In the government's new, more strenuous crash testing for 2012, the Ford Fiesta earned an overall rating of four stars out of a possible five, with four stars for overall frontal crash protection and five stars for overall side crash protection. In the Insurance Institute for Highway Safety, a Fiesta sedan earned a top rating of "Good" for its performance in frontal-offset and side-impact collisions. In Edmunds brake testing, a Fiesta stopped from 60 mph in 119 feet -- a very good distance for this type of car.
Interior Design and Special Features
With its soft-touch dash top, metallic accents, edgy styling and tight build quality, the Fiesta's cabin has a premium vibe to it that's unexpected in an economy car. The center stack controls for the audio system are more complicated than those of competitors, but the three-knob climate control system couldn't be easier to use.

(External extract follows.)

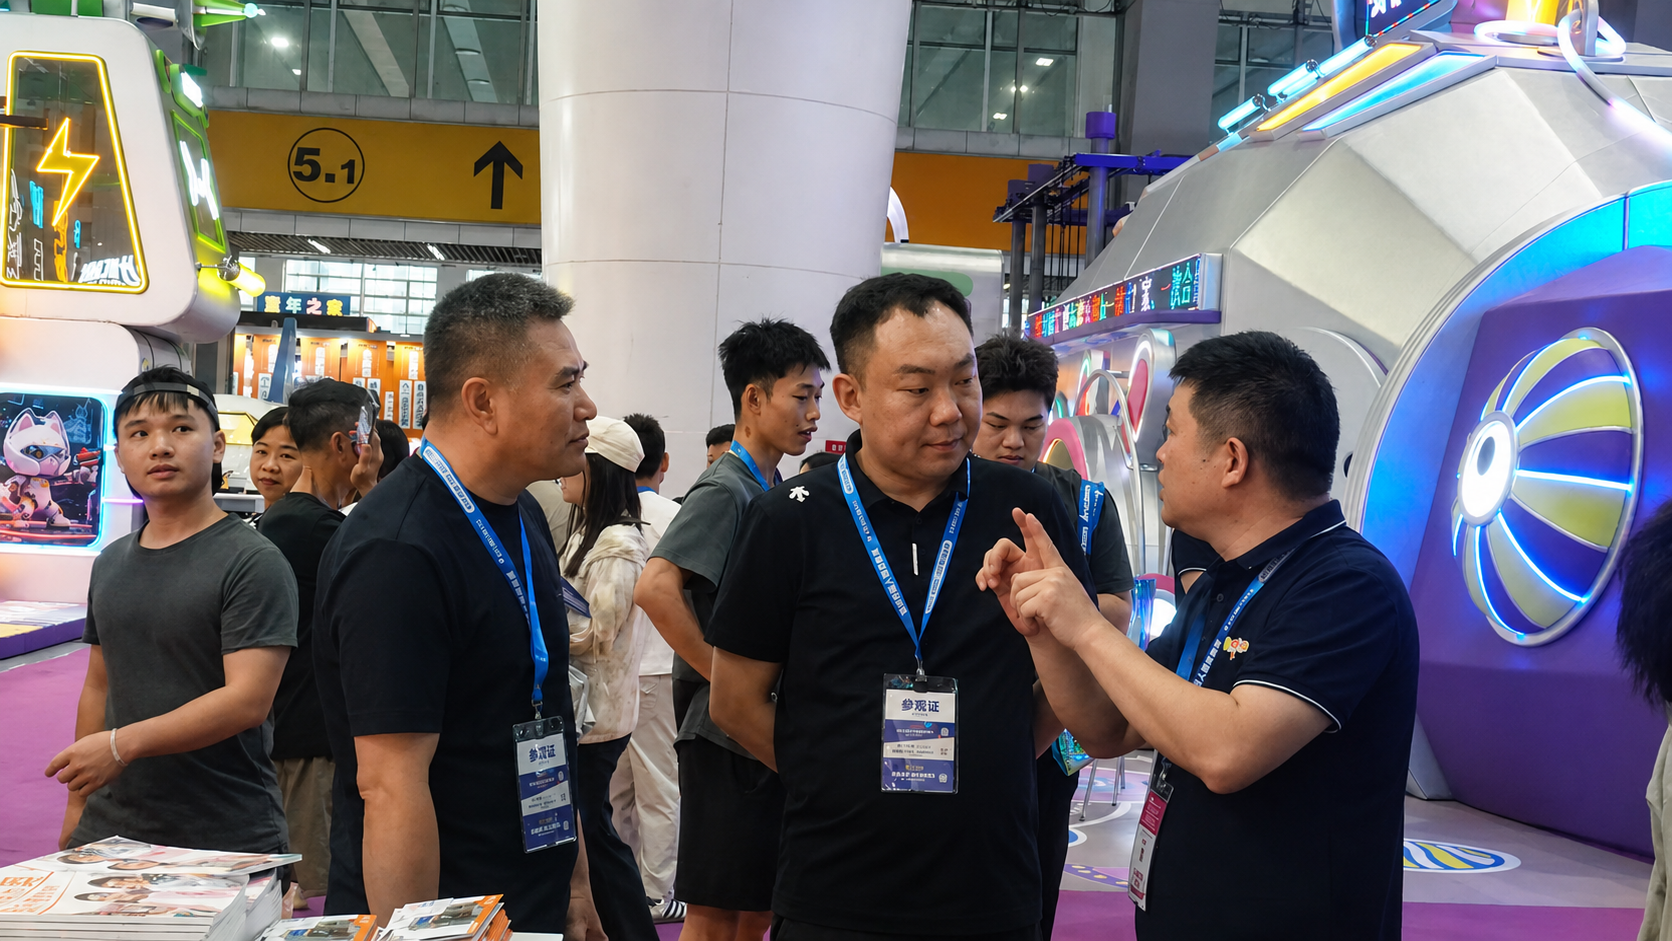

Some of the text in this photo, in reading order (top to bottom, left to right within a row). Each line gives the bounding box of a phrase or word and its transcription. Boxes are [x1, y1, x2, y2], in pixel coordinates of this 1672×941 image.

[292, 146, 356, 185] 5.1
[900, 698, 940, 713] 参观证

Ford's Sync system (standard in top trims) allows voice control over the audio system and your cell phone, and it also provides features such as voice-prompted turn-by-turn navigation (it works respectably well) and emergency assist. Another high-end feature not often seen in this segment is the available keyless entry/ignition system.
At 12.8 cubic feet, the sedan's trunk capacity is class-competitive. The Fiesta hatchback offers a bit less than that with its rear seat up. Unfortunately, the seats don't fold completely flat, and the Fiesta's 26 cubes of maximum cargo capacity pale in comparison to the Honda Fit's 57 cubes and the Kia Soul's 53 cubes.
We can say without hesitation that the 2012 Ford Fiesta is one of the most rewarding cars to drive in its class. Though its acceleration is just average, in the real world of stop-and-go traffic and freeway merging, the Fiesta's engine is a pleasure. The eager-to-rev 1.6 delivers ample punch down low and remains butter-smooth even when taken to redline.
The manual transmission is precise and easy to shift, boasting a linear clutch and light throws. The available six-speed automated dual-clutch transmission is another unusual perk in this class, although its behavior at low speeds can seem quirky, occasionally rolling slightly back on hills or being reluctant to creep forward when parking. Its shift quality is also disappointing at times.
There's nothing odd with the way the Fiesta drives down the road, however. Thanks to responsive steering and sophisticated suspension tuning, the Fiesta feels at once substantial and lithe. Handling is excellent, yet the ride quality remains supple, with bumps and ruts swallowed without drama.